The standard rules of Python slicing apply to arrays, on a per-dimension basis. Assuming a 3x3 array:

```>>> a = reshape(arange(9),(3,3))
>>> print a
[[0 1 2]
[3 4 5]
[6 7 8]]
```
The plain `[:]` operator slices from beginning to end:
```>>> print a[:,:]
[[0 1 2]
[3 4 5]
[6 7 8]]
```
In other words, `[:]` with no arguments is the same as `[:]` for lists -- it can be read ``all indices along this axis''. (Actually, there is an important distinction; see below.) So, to get the second row along the second dimension:
```>>> print a[:,1]
[1 4 7]
```
Note that what was a ``column'' vector is now a ``row'' vector. Any ``integer slice'' (as in the 1 in the example above) results in a returned array with rank one less than the input array.

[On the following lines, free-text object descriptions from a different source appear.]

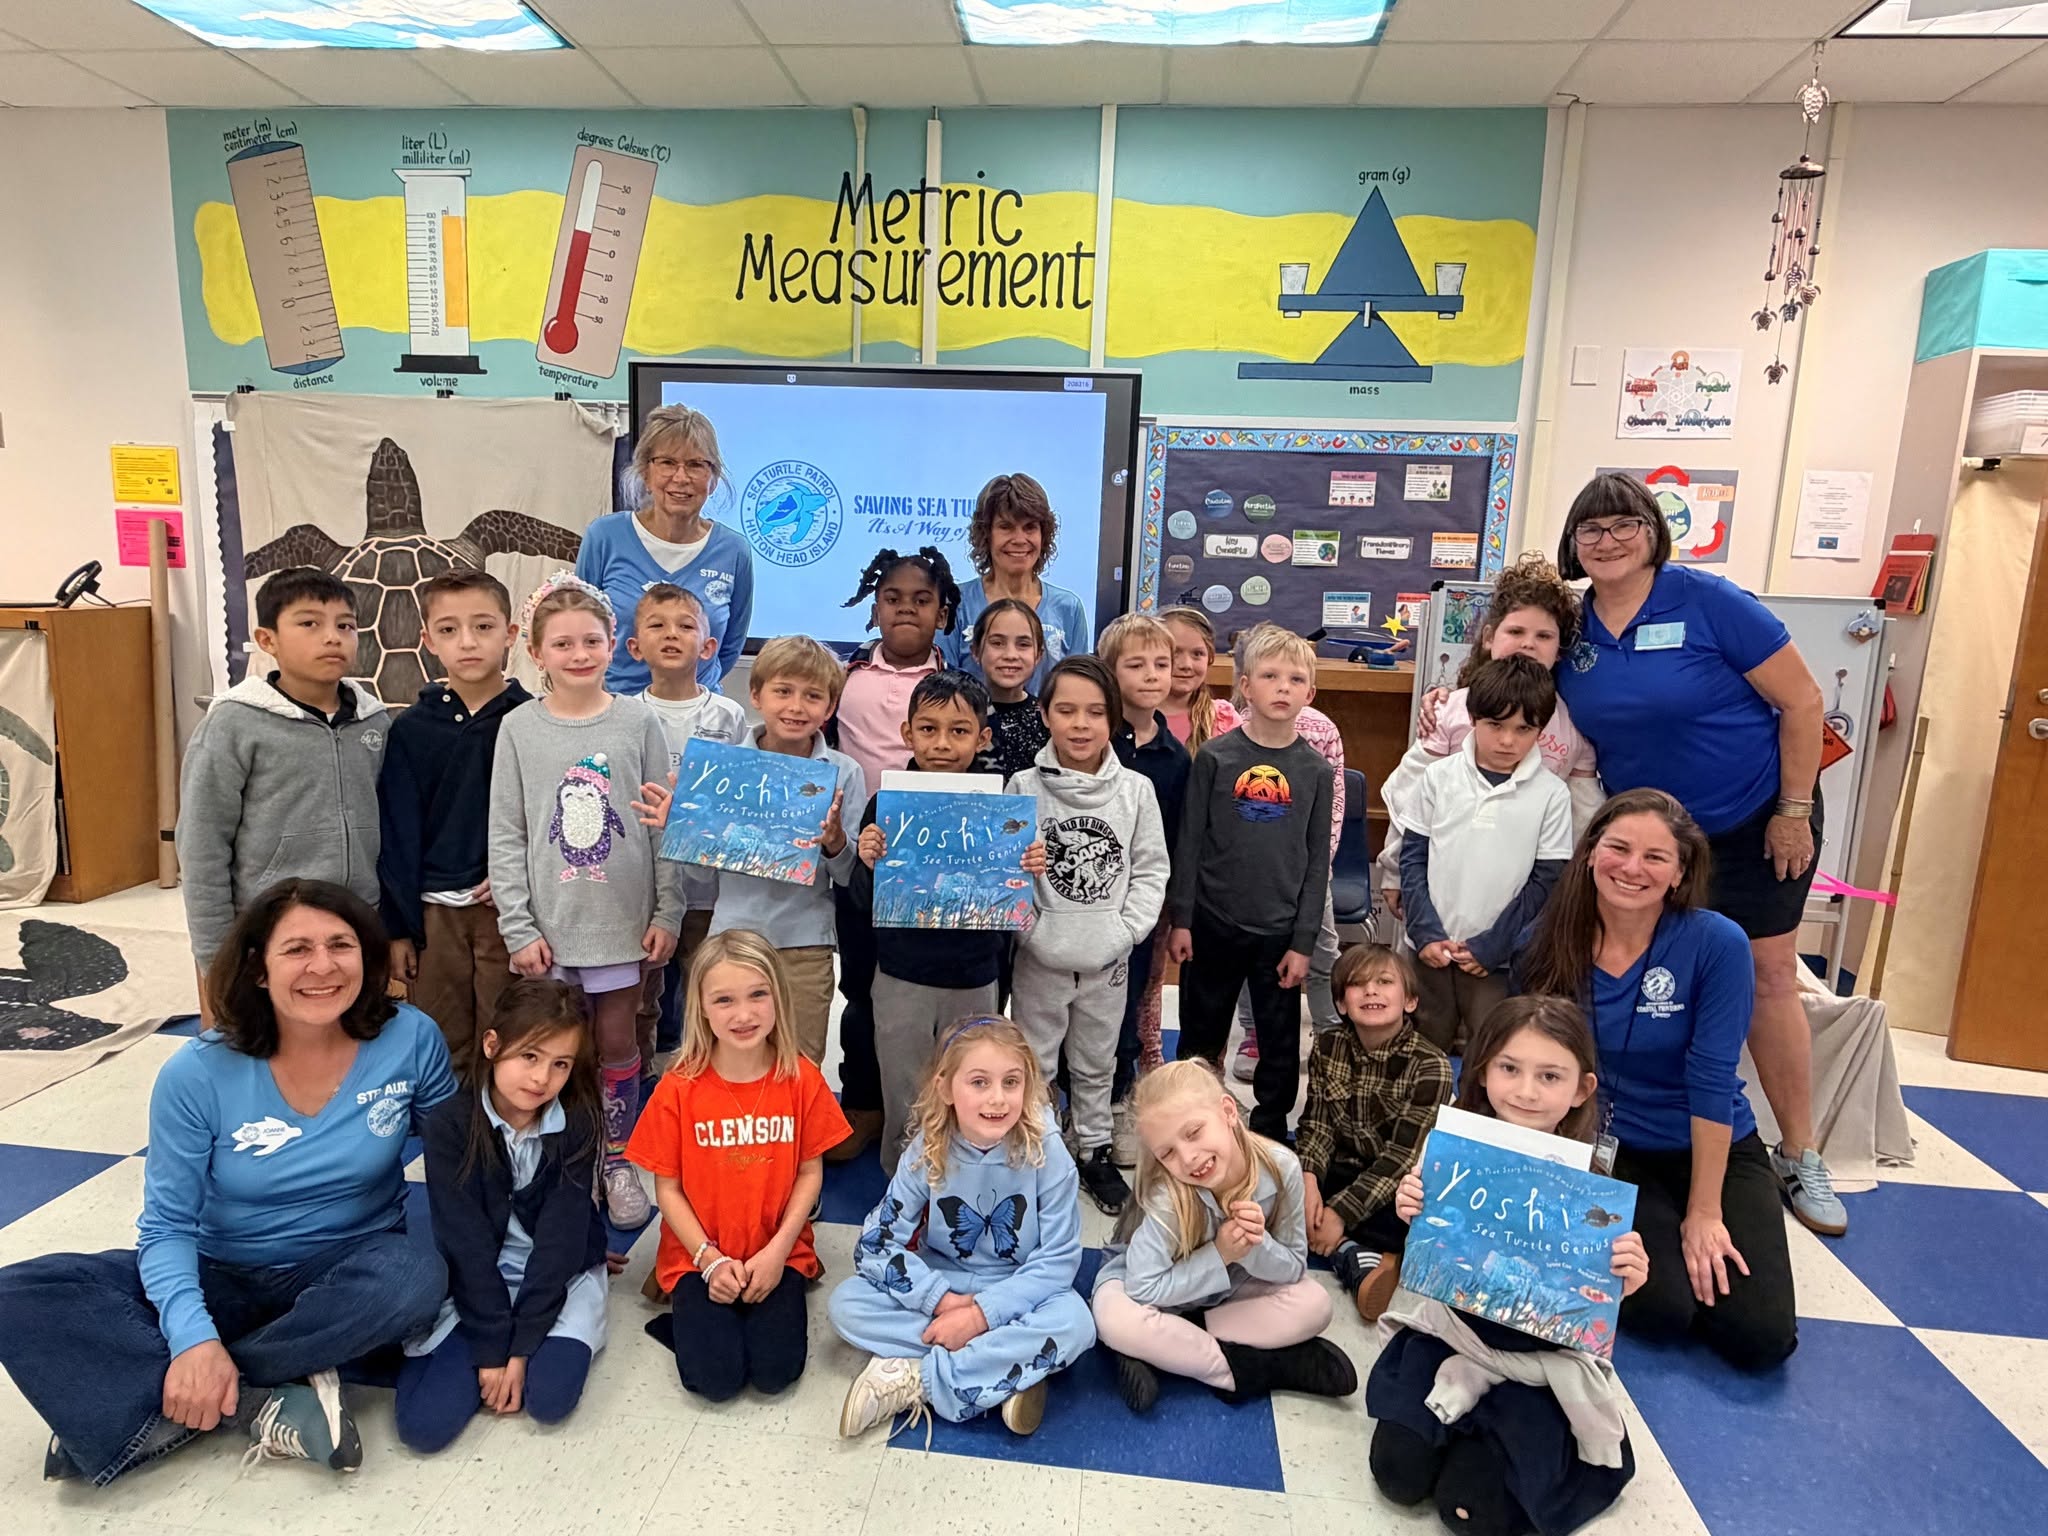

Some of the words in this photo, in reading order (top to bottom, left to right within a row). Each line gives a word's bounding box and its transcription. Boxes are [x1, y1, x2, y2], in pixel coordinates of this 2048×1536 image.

[223, 126, 251, 142] meter
[254, 117, 271, 134] (m)
[224, 133, 272, 152] centimeter
[276, 120, 298, 139] (cm)
[402, 135, 425, 150] liter
[428, 132, 448, 150] (L)
[576, 126, 615, 148] degrees
[617, 135, 650, 158] Celsius
[402, 149, 446, 164] milliliter
[449, 148, 471, 165] (ml)
[1358, 170, 1389, 186] gram
[1392, 166, 1412, 186] (g)
[829, 169, 1024, 248] Metric
[735, 232, 1097, 311] Measurement
[293, 373, 335, 390] distance
[420, 375, 459, 388] volume
[537, 365, 600, 391] temperature
[1349, 384, 1380, 396] mass
[1695, 380, 1731, 393] Predict
[1626, 415, 1667, 426] Observe
[1675, 415, 1731, 428] Investigate
[747, 478, 766, 500] SEA
[763, 464, 802, 482] TURTLE
[804, 468, 836, 504] PATROL
[854, 494, 913, 517] SAVING
[917, 496, 948, 518] SEA
[745, 519, 775, 558] HILTON
[776, 551, 808, 565] HEAD
[809, 521, 839, 559] ISLAND
[914, 520, 959, 543] Way
[700, 568, 718, 579] STP
[690, 760, 790, 808] Yoshi
[740, 806, 775, 819] Turtle
[781, 803, 817, 818] Genius
[891, 811, 993, 853] Yoshi
[946, 854, 983, 865] Turtle
[988, 839, 1023, 861] Genius
[384, 1079, 410, 1098] AUX
[694, 1115, 795, 1148] CLEMSON
[1436, 1161, 1570, 1233] Yoshi
[1471, 1222, 1496, 1239] Sea
[1504, 1231, 1552, 1252] Turtle
[1561, 1238, 1609, 1255] Genius
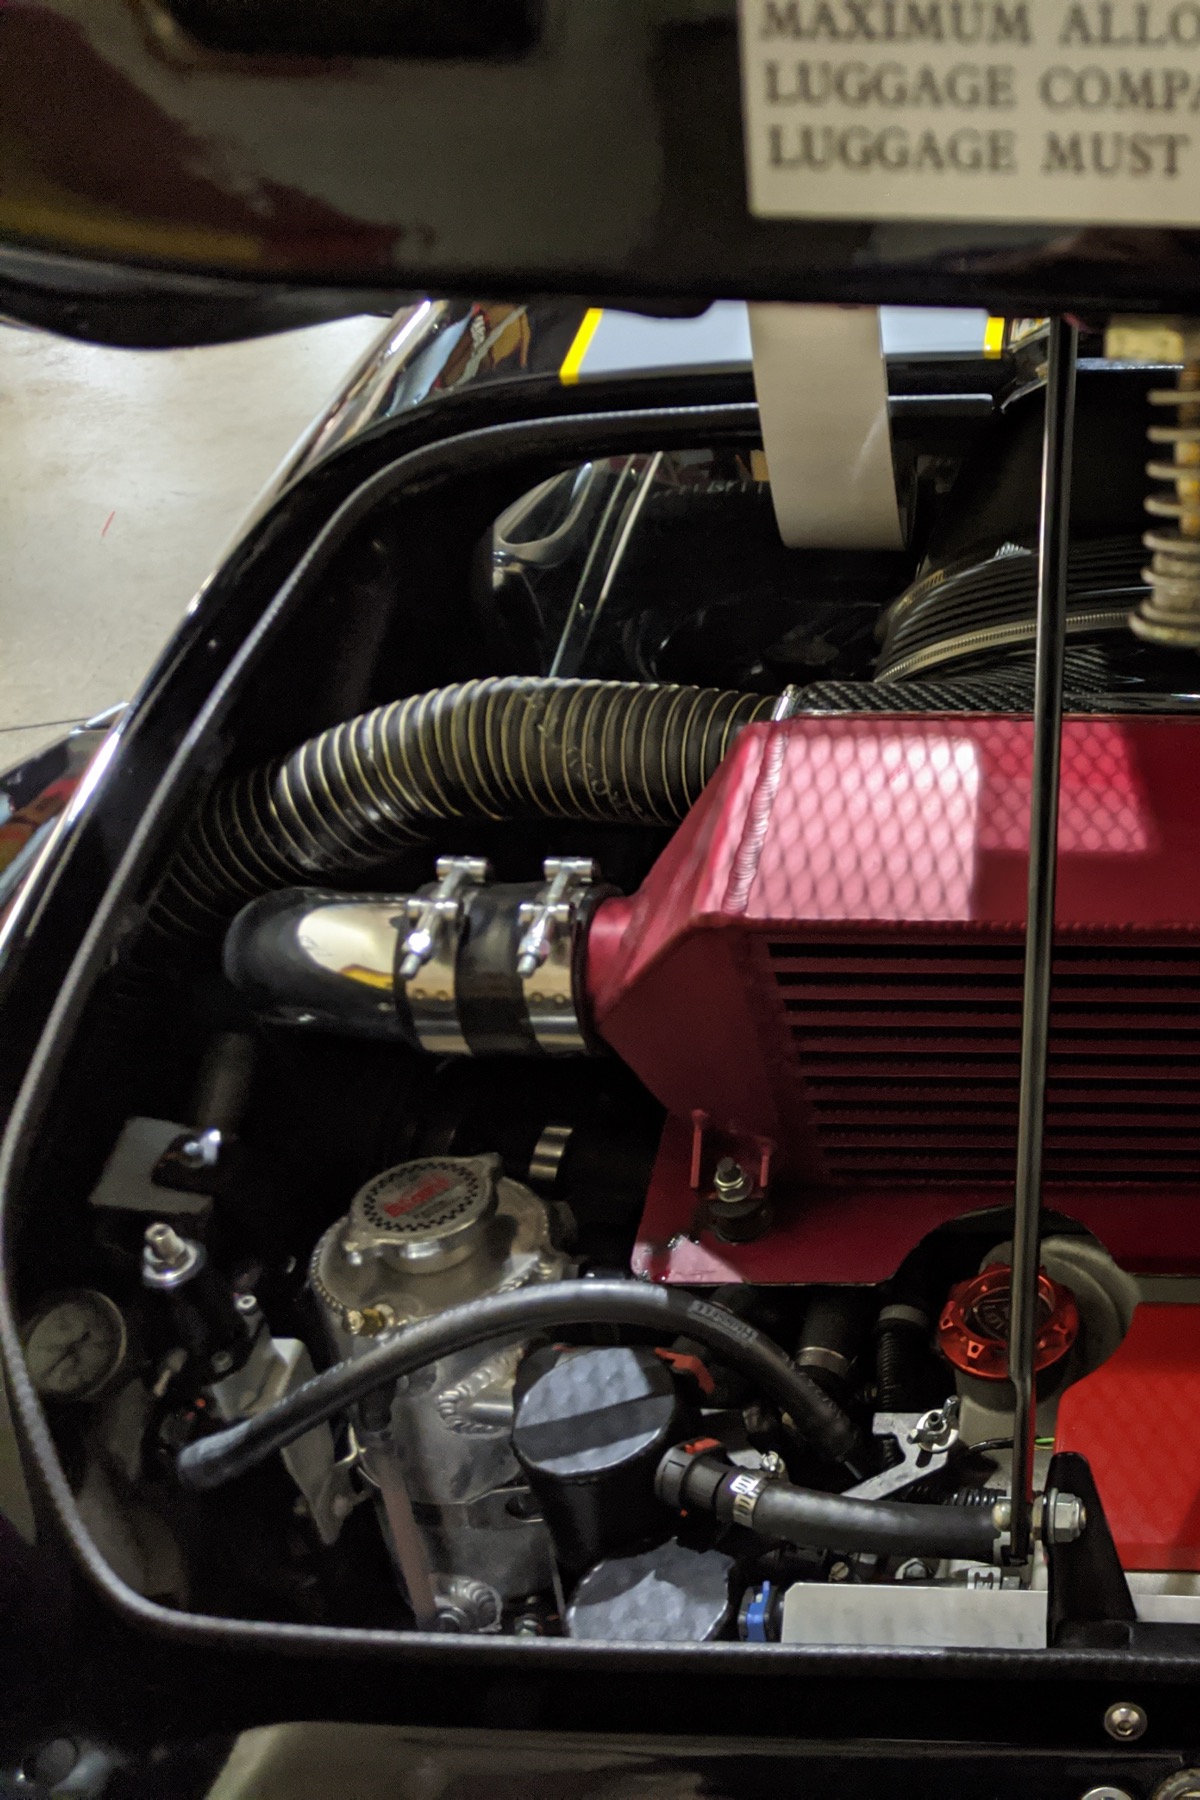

There is one important distinction between slicing arrays and slicing standard Python sequence objects. A slice of a list is a new copy of that subset of the list; a slice of an array is just a view into the data of the first array. To force a copy, you can use the copy method. For example:

```>>> a = arange (20)
>>> b = a[3:8]
>>> c = a[3:8].copy()
>>> a = -99
>>> print b
[  3   4 -99   6   7]
>>> print c
[3 4 5 6 7]
```
If one does not specify as many slices as there are dimensions in an array, then the remaining slices are assumed to be ``all''. If A is a rank-3 array, then
```A == A[1,:] == A[1,:,:]
```
An additional slice notation for arrays which does not exist for Python lists (before Python 2.3), i. e. the optional third argument, meaning the ``step size'', also called stride or increment. Its default value is 1, meaning return every element in the specified range. Alternate values allow one to skip some of the elements in the slice:
```>>> a = arange(12)
>>> print a
[ 0  1  2  3  4  5  6  7  8  9 10 11]
>>> print a[::2]                        # return every *other* element
[ 0  2  4  6  8 10]
```
Negative strides are allowed as long as the starting index is greater than the stopping index:
```>>> a = reshape(arange(9),(3,3))                                                                                          Array Basics
>>> print a
[[0 1 2]
[3 4 5]
[6 7 8]]
>>> print a[:, 0]
[0 3 6]
>>> print a[0:3, 0]
[0 3 6]
>>> print a[2::-1, 0]
[6 3 0]
```
If a negative stride is specified and the starting or stopping indices are omitted, they default to ``end of axis'' and ``beginning of axis'' respectively. Thus, the following two statements are equivalent for the array given:
```>>> print a[2::-1, 0]
[6 3 0]
>>> print a[::-1, 0]
[6 3 0]
>>> print a[::-1]                       # this reverses only the first axis
[[6 7 8]
[3 4 5]
[0 1 2]]
>>> print a[::-1,::-1]                  # this reverses both axes
[[8 7 6]
[5 4 3]
[2 1 0]]
```
One final way of slicing arrays is with the keyword "..." This keyword is somewhat complicated. It stands for ``however many `:' I need depending on the rank of the object I'm indexing, so that the indices I do specify are at the end of the index list as opposed to the usual beginning''.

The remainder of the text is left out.